Несколько лет назад я узнал от нашей общей приятельницы Хети С., о которой пойдет речь ниже, что в одном из писем к ней Амери назвал меня «всепрощенцем». Я воспринял это не как обиду или похвалу, а как неточность. У меня нет привычки прощать, я не простил ни одного из наших тогдашних врагов и не намерен прощать их последователей в Алжире, Вьетнаме, Советском Союзе, Чили, Аргентине, Камбодже, ЮАР, потому что не знаю таких человеческих законов, которые отменяли бы вину; я полагаюсь на правосудие, а сам не способен ни с кем меряться силой или наказывать виновных.
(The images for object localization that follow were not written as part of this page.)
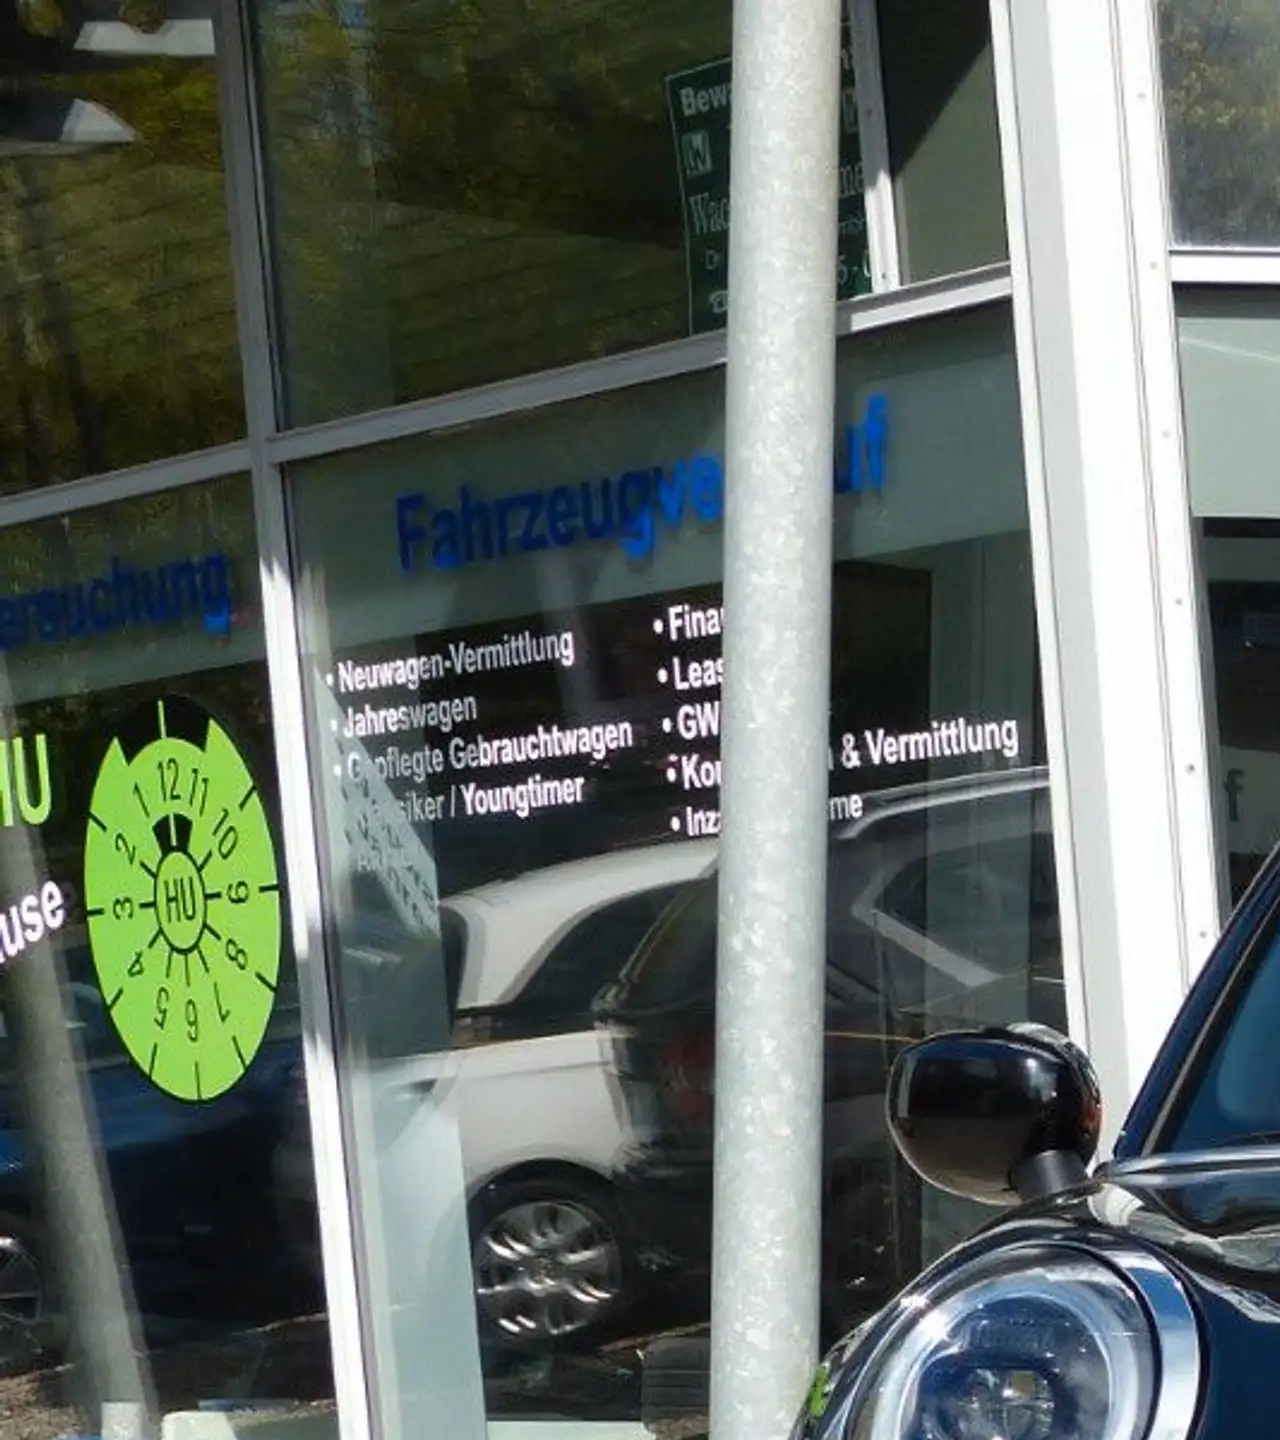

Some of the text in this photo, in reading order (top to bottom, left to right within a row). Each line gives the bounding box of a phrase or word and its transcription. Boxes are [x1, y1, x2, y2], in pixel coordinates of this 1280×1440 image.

[679, 83, 732, 117] Bew
[0, 552, 232, 648] ersuchung
[337, 630, 575, 693] Neuwagen-Vermittlung
[342, 695, 477, 739] Jahreswagen
[449, 719, 633, 770] Gebrauchtwagen
[841, 732, 862, 770] &
[864, 717, 1019, 766] Vermittlung
[156, 758, 182, 802] 12
[460, 774, 585, 818] Youngtimer
[0, 879, 65, 963] use
[162, 876, 197, 924] HU
Всего один раз я попытался это сделать. Элиас, карлик с мощными мускулами, о котором я рассказал в своих книгах «Человек ли это?» и «Лилит» и который, судя по всему, в лагере был вполне счастлив, не помню по какой причине схватил меня за руки и, осыпая проклятиями, прижал к стене. Как и Амери, я из гордости попытался оказать сопротивление. Осознавая, что предаю сам себя и нарушаю собственные правила, я, следуя чуждым мне и жестоким законам предков, собрался с силами и ударил его по ноге своим деревянным башмаком. Элиас взревел скорее из-за ущемленного самолюбия, чем от боли. Рассвирепев окончательно, он повалил меня на землю и сжал мне горло, не отрывая своих цепких, бледно-голубых, как будто фарфоровых глаз (я и сейчас вижу их перед собой) от моего лица. Он не отпускал меня до тех пор, пока не увидел, что я начинаю терять сознание; тогда, не сказав ни слова, он разжал пальцы и ушел.
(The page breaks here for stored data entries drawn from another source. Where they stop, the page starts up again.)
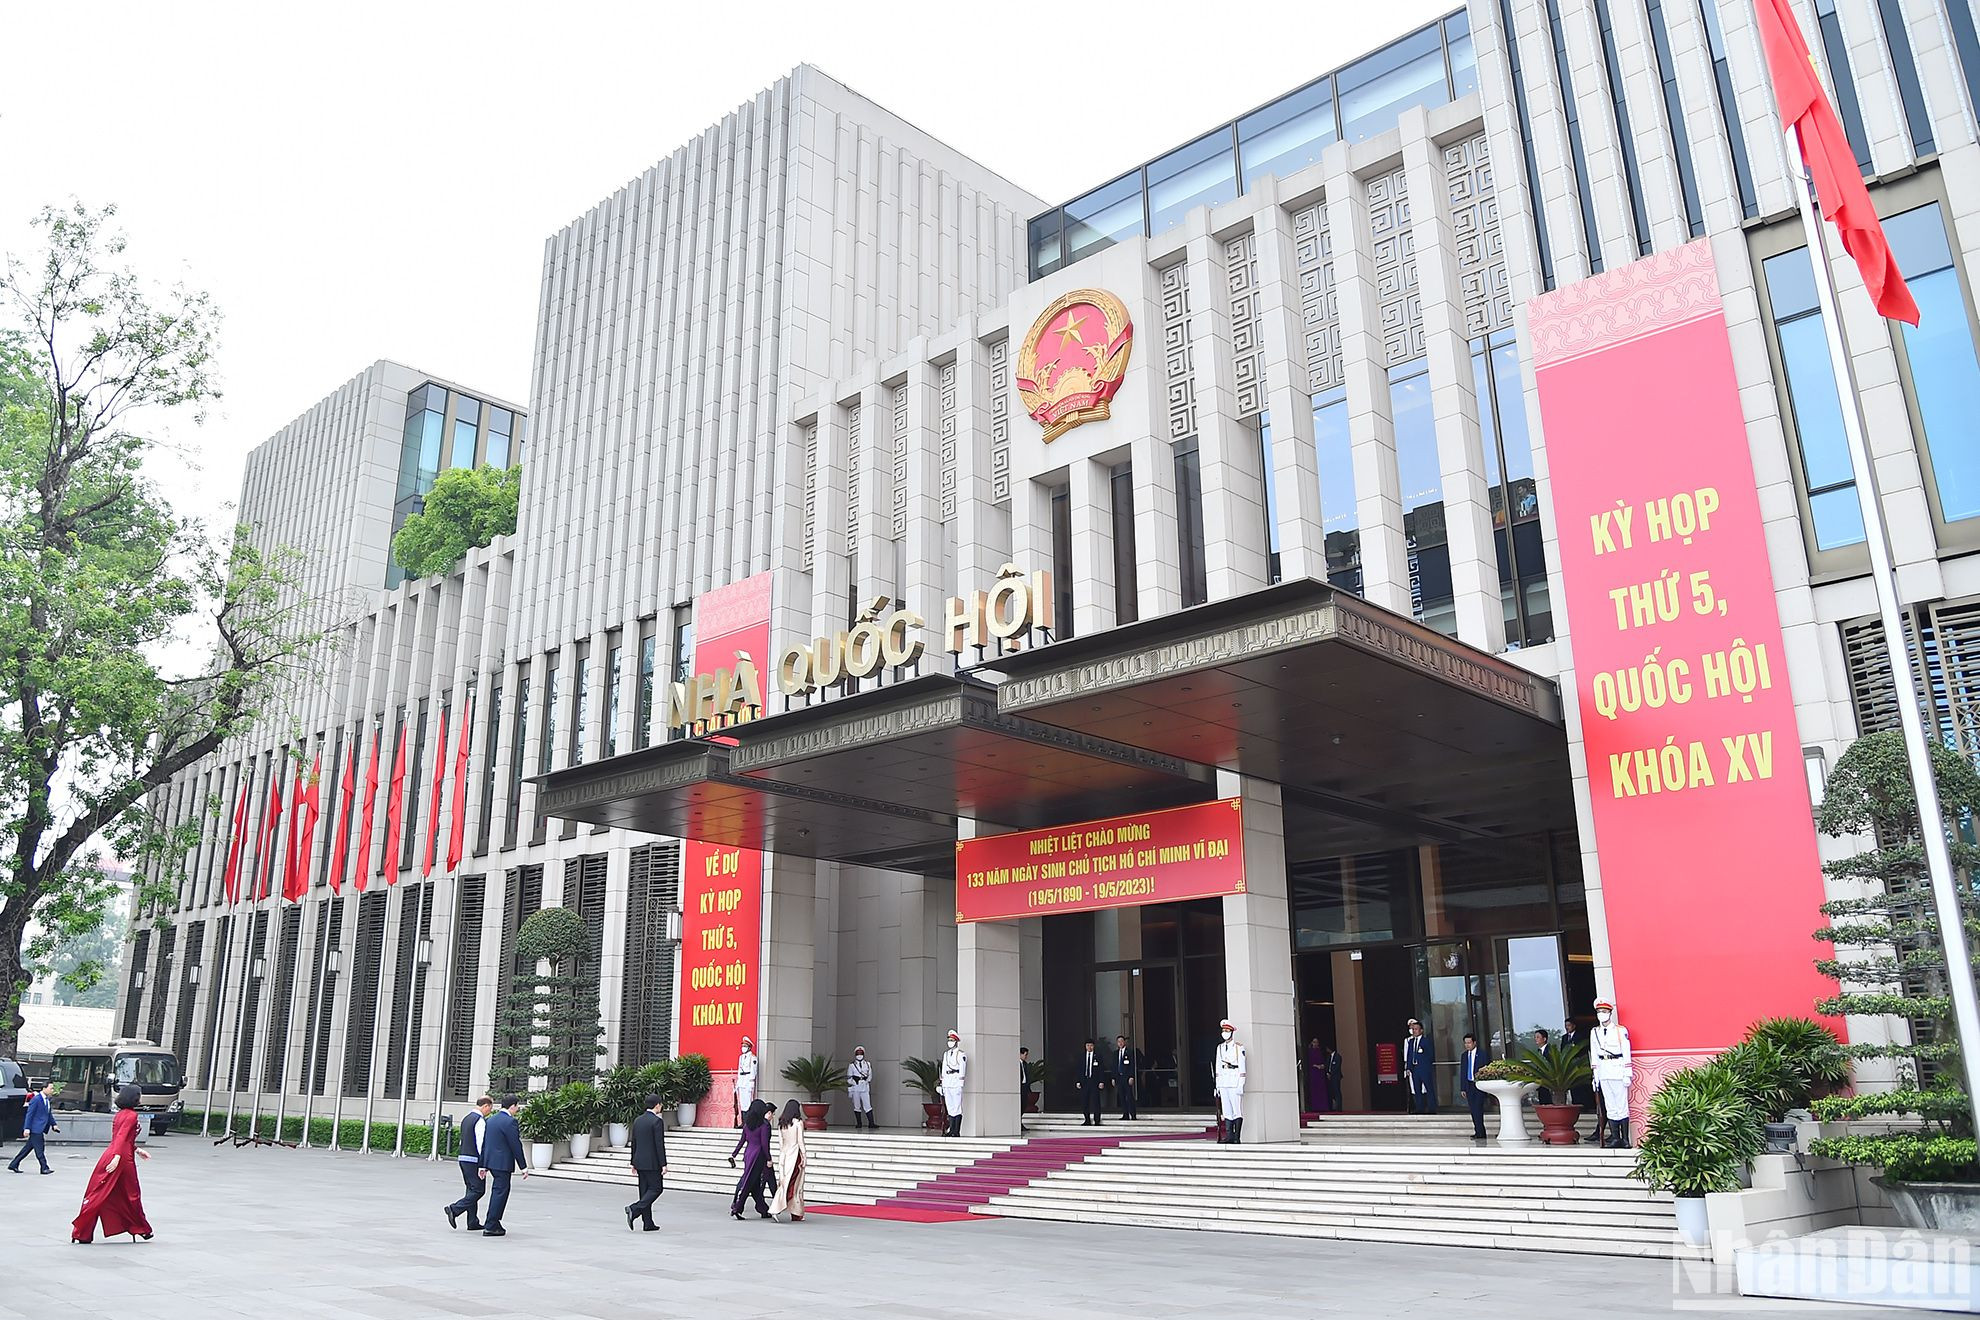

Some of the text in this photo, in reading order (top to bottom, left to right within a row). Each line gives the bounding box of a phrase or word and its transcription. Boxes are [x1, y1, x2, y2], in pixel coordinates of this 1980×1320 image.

[1590, 487, 1720, 555] KỲ HỌP
[1609, 568, 1728, 631] THỨ 5,
[668, 562, 1053, 729] NHÀ QUỐC HỘI
[1592, 637, 1772, 720] QUỐC HỘI
[1609, 730, 1773, 798] KHÓA XV
[1030, 823, 1150, 856] NHIỆT LIỆT CHÀO MỪNG
[705, 848, 740, 878] VỀ DỰ
[967, 839, 1229, 888] 133 NĂM NGÀY SINH CHỦ TỊCH HỒ CHÍ MINH VĨ ĐẠI
[700, 888, 742, 916] KỲ HỌP
[1028, 886, 1082, 908] (19/5/1890
[1093, 876, 1155, 899] 19/5/2023)!
[701, 925, 738, 951] THỨ 5,
[691, 958, 746, 991] QUỐC HỘI
[692, 1000, 743, 1026] KHÓA XV
После этой истории право ответить ударом на удар, наказать, воздать по заслугам я предпочитаю делегировать законным органам своей страны. И мой выбор окончателен. Я знаю, насколько плохо подчас работают соответствующие механизмы, но я таков, каким сформировало меня мое прошлое, и уже не изменюсь. Если бы я видел, как рушится мир рядом со мной, если бы был вынужден отправиться в изгнание, лишившись своей национальной идентичности, если бы терял сознание и умирал от пыток, возможно, и я научился бы наносить ответные удары и питался обидой и гневом, которыми дышит каждая страница безысходного сочинения Амери.

Выходит, культура — скорее недостаток для узника Освенцима, чем преимущество. А может быть, все-таки преимущество? Я был бы неблагодарным, если бы отрицал значение скромной (и «старомодной») культуры, которую мне привили в лицее и в университете. Амери этого тоже не отрицает. От культуры случалась и польза, правда не часто, не везде и не всегда, а лишь иногда, в очень редких случаях, зато эта польза была драгоценна, как драгоценный камень, и ты чувствовал себя на седьмом небе (правда, существовала опасность свалиться на землю, причем чем выше ты успел воспарить, тем больнее было падать).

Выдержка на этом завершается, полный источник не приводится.